1I would guess that most of us were unaware of the war on Christmas raging all around us until Bill O’Reilly started reporting from the front. He has since been joined by seasoned war reporters like Sarah Palin and Glenn Beck. I get the sense that they don’t really take themselves very seriously on this one – their war cries often sound like self-parody – and I guess that this attitude gives them license to say much that is silly and incorrect. Which they do.

Still, these Christian warriors may be right about the general decline of Christian hegemony in American culture.  What’s curious is how that historical trend seems out of sync with the historical trend in the war on Christmas. In fact, it looks like there was a similar war on Christmas 60-70 years ago, a war that went unnoticed.

O’Reilly’s war has two important battlegrounds – legal challenges to government-sponsored religious displays, and people saying “Happy Holidays” instead of “Merry Christmas.”   He sets the start of the current war in the early years of this century. From Fox News Insider:

“Everything was swell up until about 10 years ago when creeping secularism and pressure from groups like the ACLU began attacking the Christmas holiday. They demanded the word Christmas be removed from advertising and public displays.”

Many people caved in to their demands, creating what O’Reilly has dubbed as the “Happy Holidays” syndrome.

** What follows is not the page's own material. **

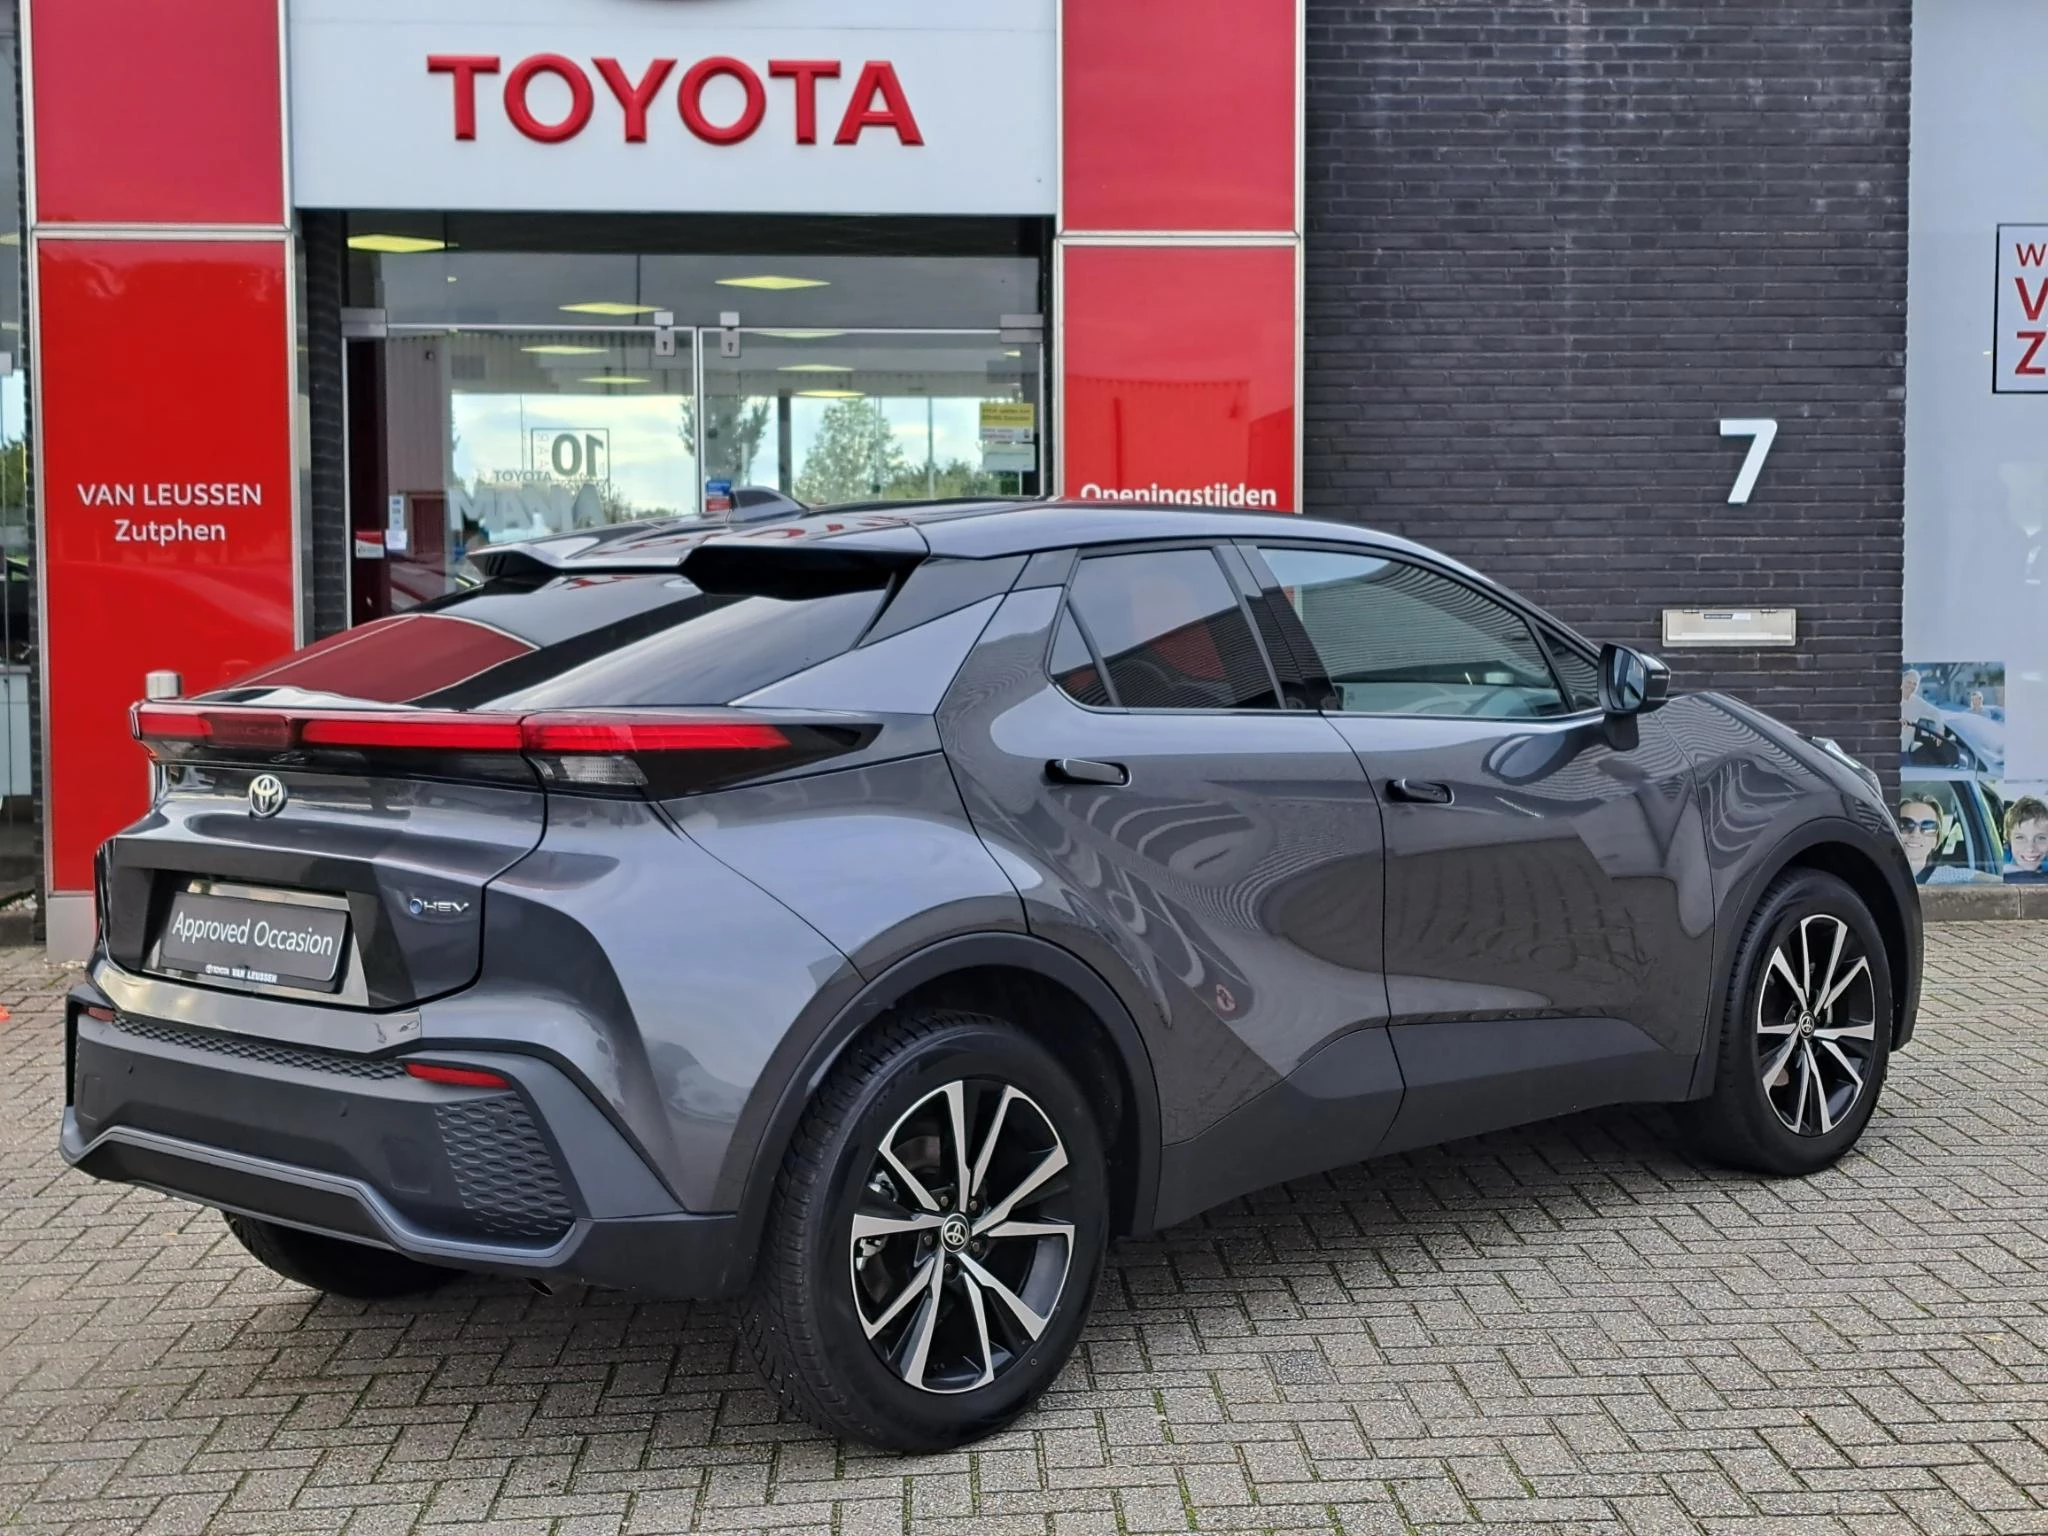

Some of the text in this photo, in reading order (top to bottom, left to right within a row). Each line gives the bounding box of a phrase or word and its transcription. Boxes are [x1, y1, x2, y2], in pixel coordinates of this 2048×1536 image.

If pushed, O’Reilly might trace the origins of the war back further than that – to the 1960s.  That’s when the secularists and liberals started fighting their long war, at least according to the view from the right.  It was in the 1960s that liberals started winning victories and when the world as we knew it started falling apart. In the decades before that, we took it for granted that America was a White Christian nation.  We all pulled together in World War II without questioning that dominance. And our national religion continued to hold sway in the peaceful and prosperous 1950s. We even added “under God” to the Pledge of Allegiance.  And of course, we all celebrated Christmas and said, “Merry Christmas,” no questions asked.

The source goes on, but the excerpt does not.